I was pulled aside with another arrestee still wearing his press credentials around his neck. He was a livestreamer and reporter for a website based in Portland, Oregon. We were asked where our work could be seen and what we were doing exactly, then the questioning officer went away. I’m not sure whether he was a regular plain-clothed officer, but he was dressed in civilian clothing. Finally, my press pass still hanging around my neck, I was led into the back door of Central Booking, where my identity was verified. I had to pose for another photo – this time with the arresting officer – and was placed into a holding cell for further processing. My arresting officer seemed pleased with the photo of the two of us and showed it to me. I jokingly asked him whether we should put it on Facebook, he laughed but said no and that he didn’t want to be tagged.

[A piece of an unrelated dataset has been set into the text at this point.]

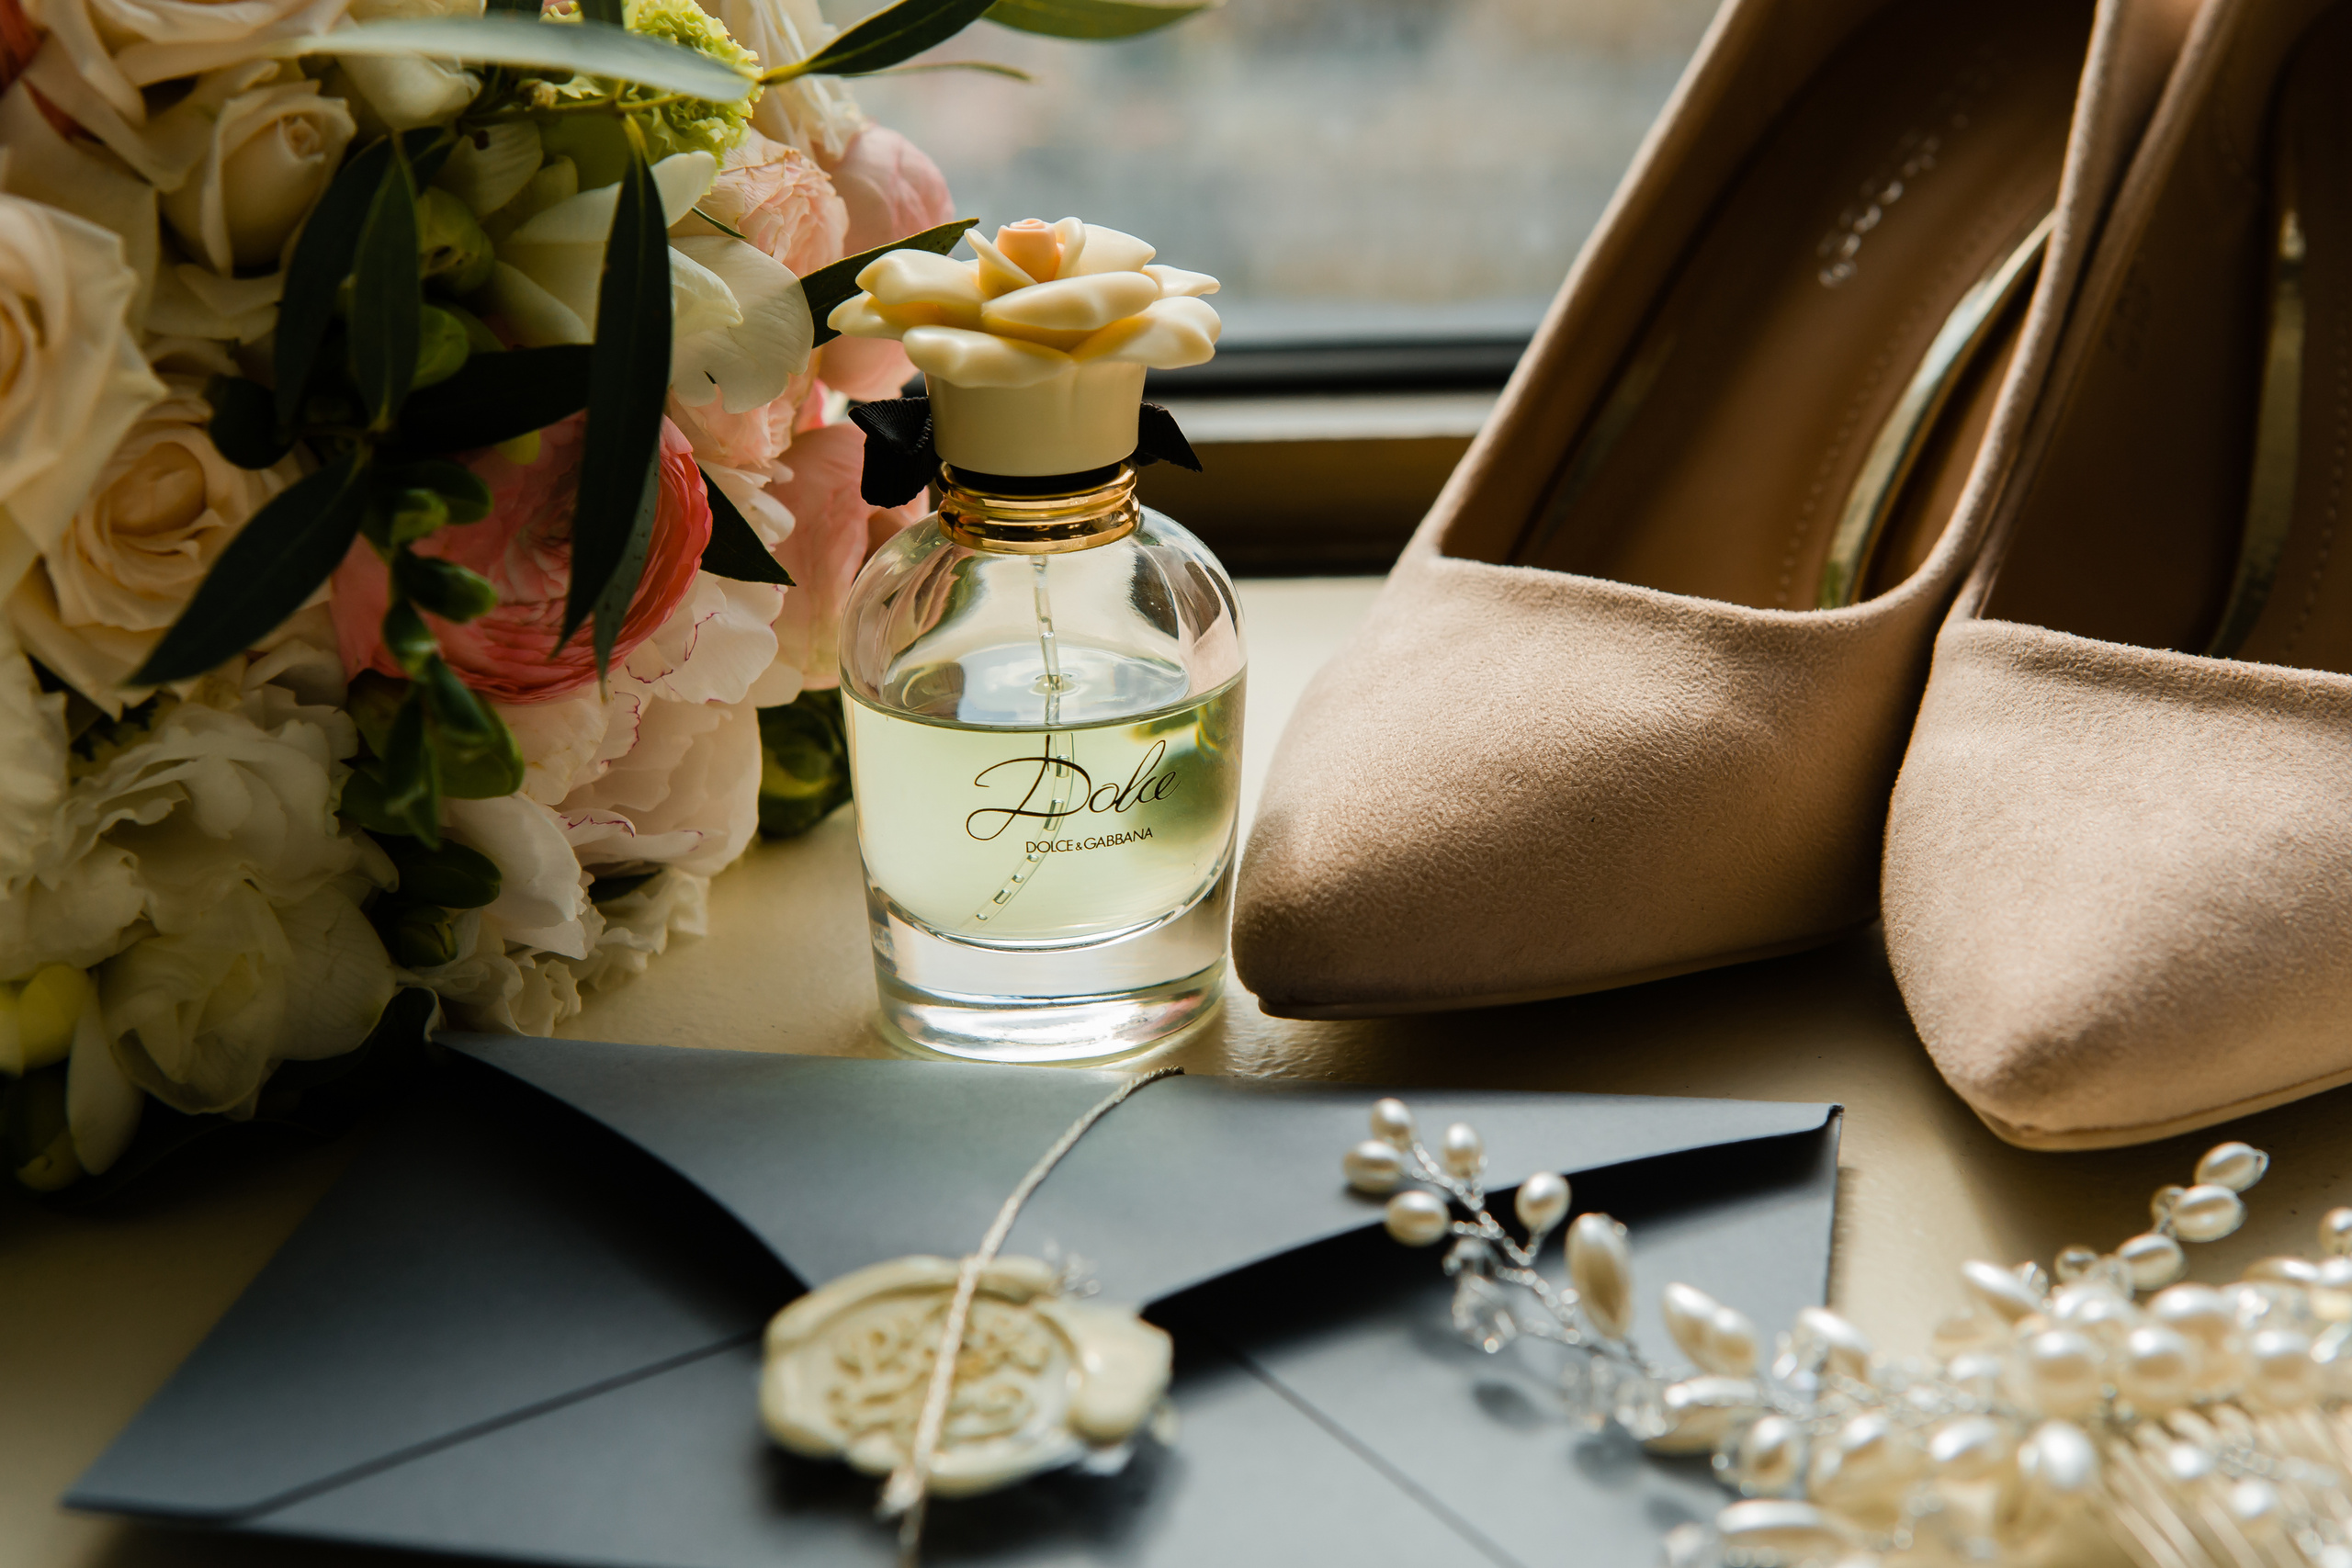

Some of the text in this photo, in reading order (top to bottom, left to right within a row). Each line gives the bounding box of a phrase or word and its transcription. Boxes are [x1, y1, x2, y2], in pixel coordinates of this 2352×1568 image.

[967, 734, 1181, 840] Dolce
[1025, 840, 1073, 853] DOLCE
[1083, 827, 1153, 850] GABBANA

In the holding cell I met one of my colleagues from the Occupied Stories website, who is also trained as a legal observer. She was arrested for hoola-hooping while directing pedestrian traffic in an intersection, leading her arresting officer to complain, “Lady, I don’t even know what to charge you with”. But, on orders of his white shirt officer, he arrested her anyway.

After a while I was taken out of the holding cell and led past the holding den containing many of the male protesters that had been arrested that morning – by that time there were around 70 of them. They were having a party, cheering on every protester who was led by, chanting, drumming, and even dancing. One officer passing by along with me shook his head and exclaimed, “What a zoo!” Others seemed less amused, but unsure what to do about it, so for the time being they let the protesters be. The holding room had glass windows, not merely bars, so the noise level wasn’t quite as bad as it could have been, but they were clearly heard all the way down to the holding pen I was about to be placed into.

I was led to another intake officer who collected all the possessions from my pockets, my press pass, and also my shoe-laces. I was allowed to make my phone call and rang my godmother, whose number was the only one within New York City I was able to remember under the circumstances. Other arrestees behind me where not so lucky. Several out-of-town protesters who had come to New York for the OWS anniversary didn’t have a local number to call. So they were sent off to their cells without being able to notify someone outside as to what had happened.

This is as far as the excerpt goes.